No hace falta ser economista para notarlo. Basta con comparar el ticket del Mercadona de La Laguna con el de cualquier ciudad andaluza o valenciana. Los alimentos básicos cuestan aquí entre un 10% y un 15% más, según los propios datos del Instituto Nacional de Estadística. En algunos productos frescos, la brecha es aún mayor. Y eso que los estamos produciendo nosotros mismos.

Aquí está el nudo de la cuestión. El archipiélago no es un desierto alimentario. Produce, y produce bien. Pero entre la finca y la estantería del supermercado hay una cadena de intermediarios, costes logísticos insulares y márgenes comerciales que devoran cualquier ventaja competitiva que pudiera tener el producto local. Al final, la papas arrugadas que come una familia de Santa Cruz de Tenerife el domingo puede haber viajado más que el turista alemán que las fotografía en el restaurante de al lado.

La ultraperificidad como excusa permanente

La condición de región ultraperiférica de la Unión Europea le da a Canarias acceso a ciertos fondos y regímenes especiales. El REF, el Régimen Económico y Fiscal, lleva décadas siendo el paraguas teórico bajo el que se gestionan las particularidades fiscales del archipiélago. Pero una cosa es tener instrumentos y otra muy distinta es utilizarlos para abaratar la cesta de la compra del ciudadano de a pie.

Desde Madrid, el silencio sobre este asunto es casi ensordecedor. No hay una línea de ayudas directas al consumo alimentario comparable a lo que otras regiones europeas con condiciones similares han logrado negociar. No hay bonificaciones reales en el transporte de alimentos de producción local que lleguen al precio final. No hay mecanismo que garantice que lo que sale de una finca de Güímar llegue al mercado de Santa Cruz más barato que lo que viene en barco desde Valencia.

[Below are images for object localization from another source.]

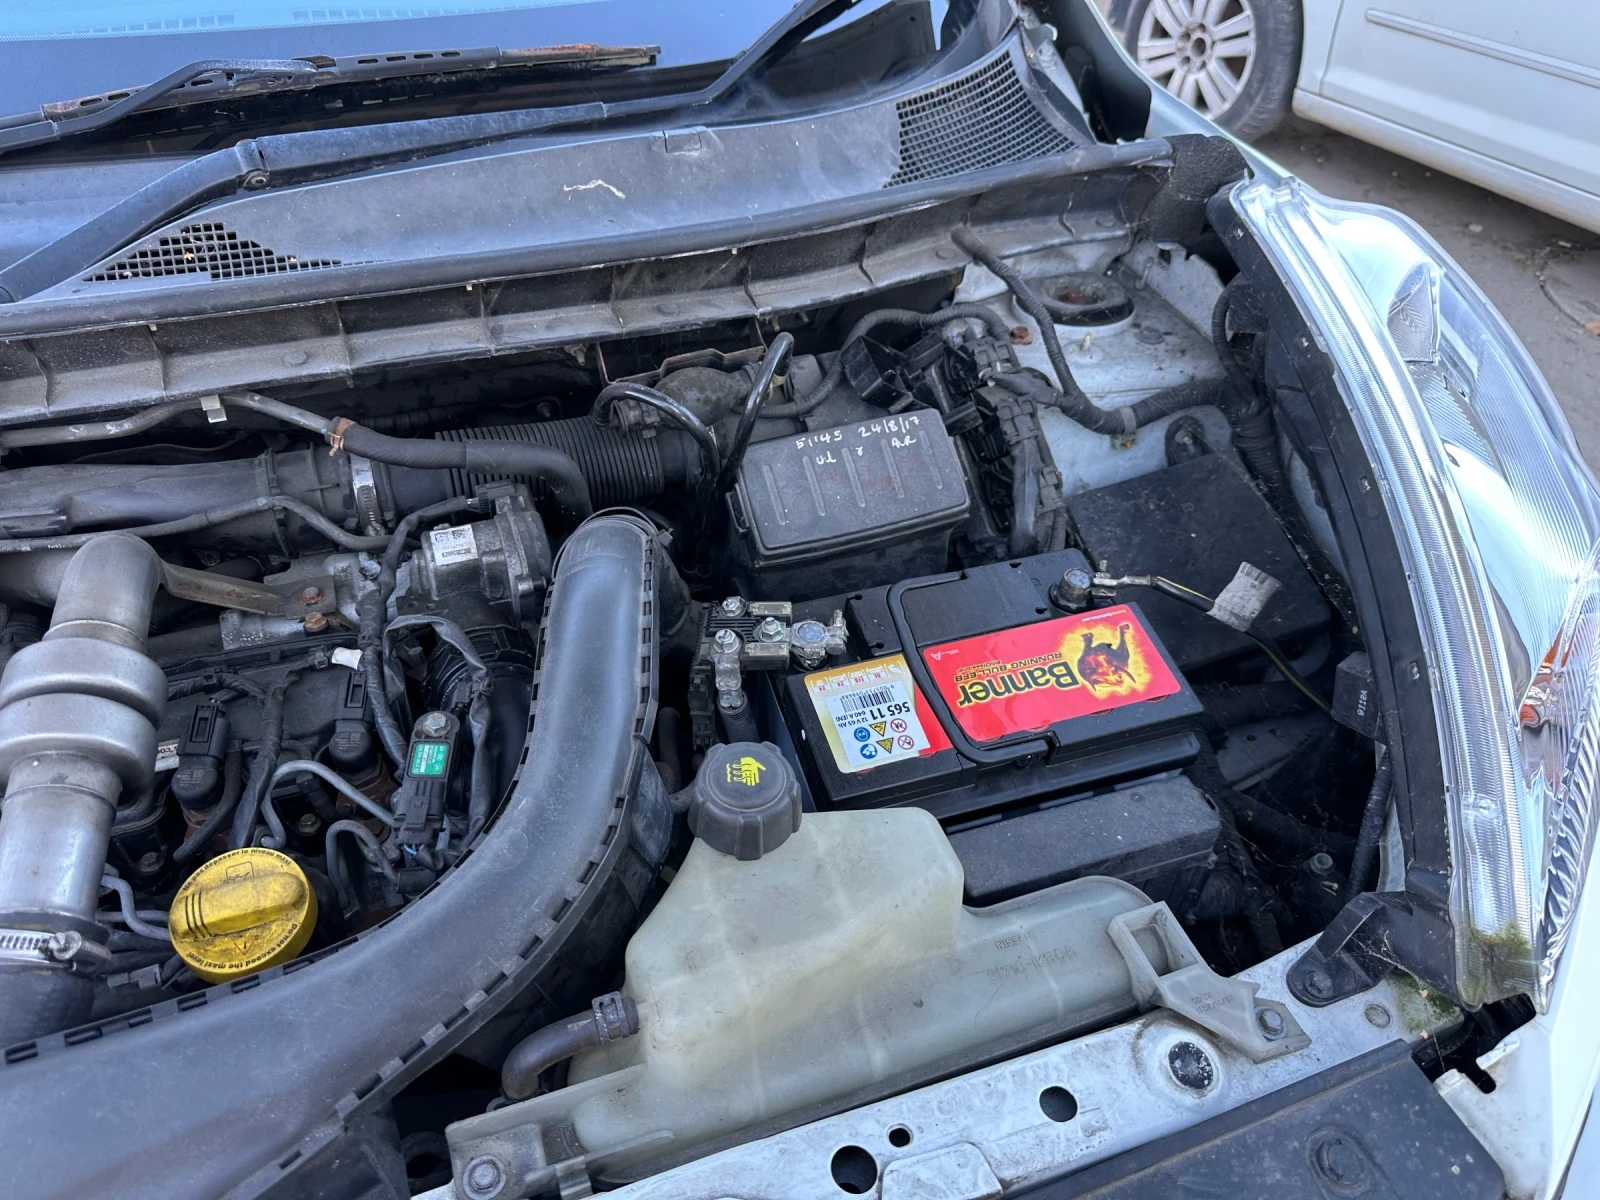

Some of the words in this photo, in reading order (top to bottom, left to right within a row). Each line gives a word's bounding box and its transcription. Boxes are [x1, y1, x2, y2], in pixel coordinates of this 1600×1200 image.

[1010, 652, 1063, 669] RUNNING
[954, 671, 977, 682] EFB
[978, 664, 1008, 676] BULL
[958, 660, 1080, 706] Banner
[870, 707, 886, 720] 11
[887, 701, 911, 717] 565
[835, 714, 848, 722] (EN)
[182, 881, 193, 891] Ne
[191, 869, 205, 882] pas
[250, 847, 275, 857] niveau
[275, 853, 292, 866] maxi
[288, 923, 298, 934] Do
[275, 934, 288, 948] not
[187, 951, 204, 965] level
[245, 946, 276, 967] exceed
[205, 961, 226, 969] maxi

¿El resultado? Que comer bien en Canarias se está convirtiendo en un privilegio. No en sentido metafórico, sino literal. Una familia de cuatro personas puede gastarse entre 150 y 200 euros semanales en alimentación básica si quiere comer con cierta calidad. Quien no llega a esa cifra tiene que elegir: menos fruta fresca, menos pescado, más ultraprocesados. El mismo dilema que en cualquier ciudad pobre del mundo, pero aquí con el océano lleno de peces y la tierra llena de cultivos.

Producción propia que no se traduce en precios justos

Lo más irritante del asunto es que la solución no está lejos. Está, literalmente, en el campo de al lado. El problema no es que Canarias no produzca. Es que no hay una política seria de circuitos cortos de distribución, de compra pública de producto local, de apoyo a las cooperativas agrícolas que podrían saltarse la cadena de intermediarios y llegar directamente al consumidor.

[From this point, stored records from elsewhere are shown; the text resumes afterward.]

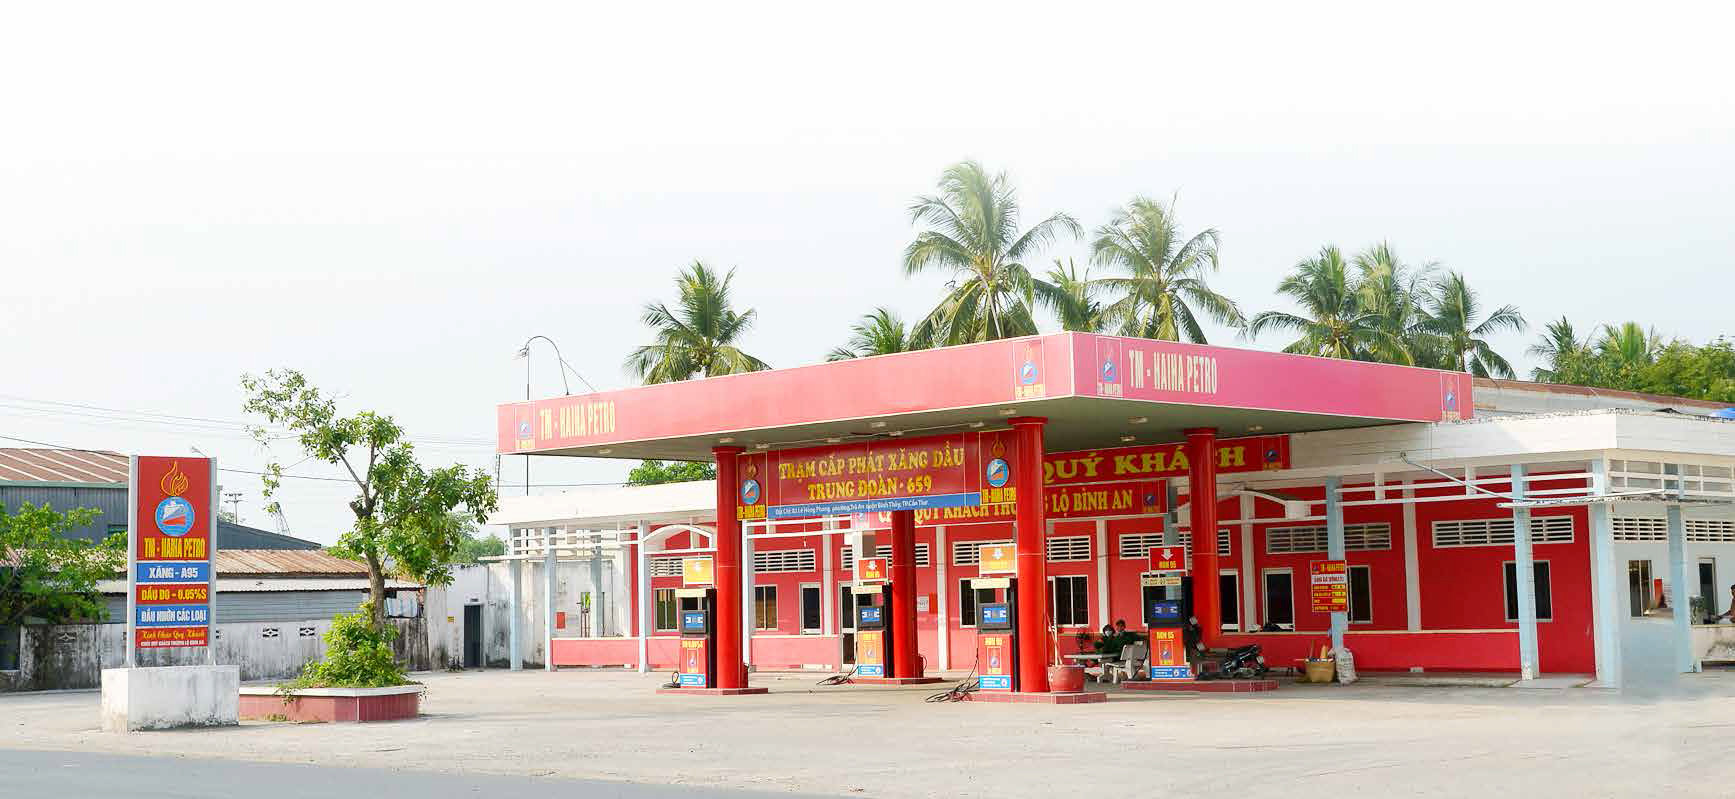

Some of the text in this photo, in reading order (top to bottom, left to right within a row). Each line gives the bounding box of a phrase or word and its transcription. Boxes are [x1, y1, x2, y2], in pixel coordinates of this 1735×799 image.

[1129, 350, 1144, 389] TM
[1153, 352, 1185, 391] HAIHA
[1186, 353, 1218, 395] PETRO
[539, 407, 553, 440] TM
[560, 402, 586, 438] HAIHA
[587, 399, 616, 435] PETRO
[1114, 445, 1246, 476] KHÁH
[808, 481, 855, 501] TRUNG
[906, 474, 932, 494] 659
[1112, 489, 1133, 508] AN
[144, 537, 156, 558] TM
[161, 537, 182, 558] HAIHA
[183, 537, 206, 558] PETRO
[180, 567, 199, 578] A95
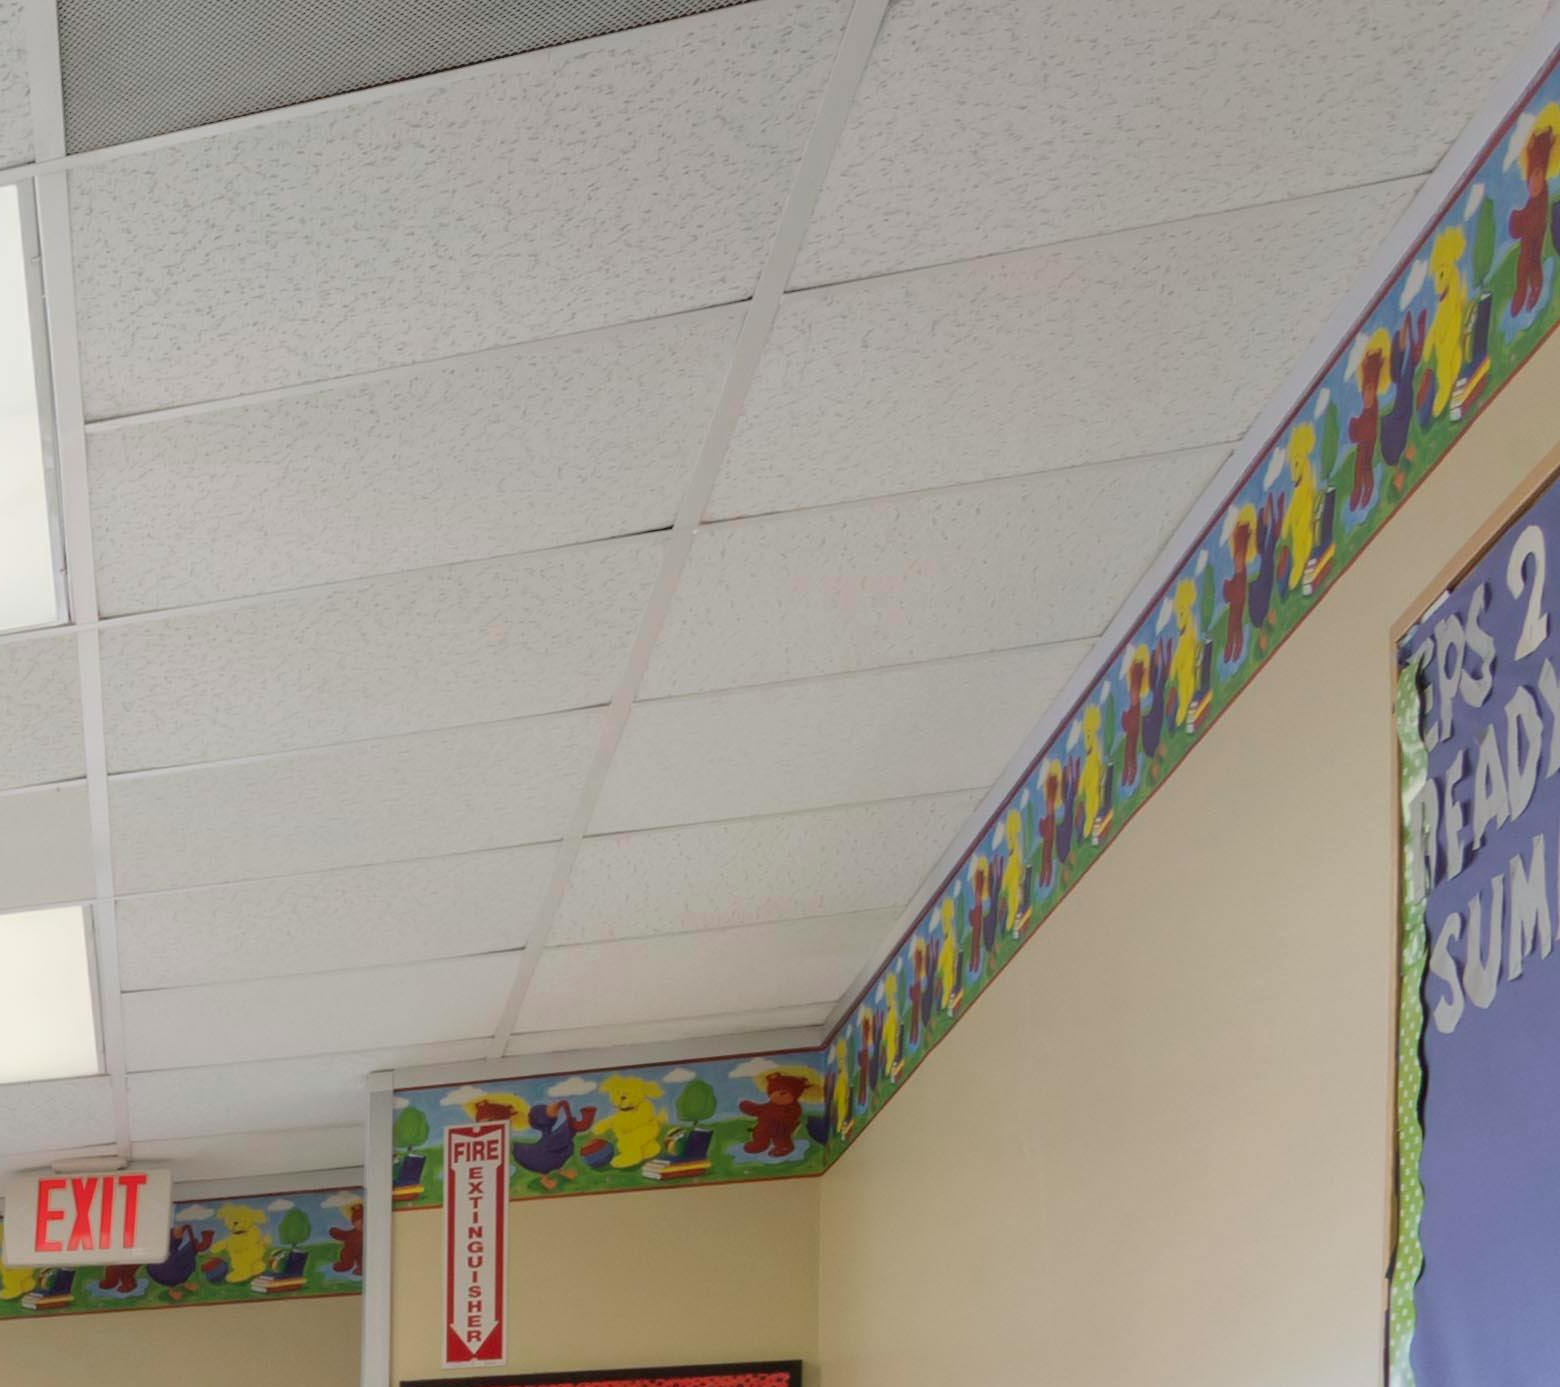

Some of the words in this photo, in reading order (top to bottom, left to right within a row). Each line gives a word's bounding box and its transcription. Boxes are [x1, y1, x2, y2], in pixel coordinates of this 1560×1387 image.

[1507, 526, 1548, 661] 2
[453, 1139, 499, 1163] FIRE
[34, 1173, 147, 1252] EXIT
[467, 1166, 484, 1343] EXTINGUISHER

Mientras tanto, en el lineal del supermercado conviven tomates de Almería con tomates de Gran Canaria al mismo precio o más caros los de aquí, porque el agricultor canario no tiene con qué competir en escala. El plátano de Canarias, protegido por su denominación, aguanta el tipo en el mercado nacional. Pero no es el único producto que merece esa protección, ni el único consumidor que merece ese esfuerzo.

No se trata de romantizar la agricultura local ni de pedir que volvamos a la subsistencia. Se trata de algo mucho más concreto: que las administraciones, tanto la autonómica como la estatal y la insular, pongan sobre la mesa medidas reales para que el coste de alimentarse en estas islas no sea un factor más de desigualdad. Porque ahora mismo lo es. Y cada semana que pasa sin una respuesta, la cesta de la compra le recuerda a mucha gente que vivir en el paraíso tiene un precio que no todo el mundo puede pagar.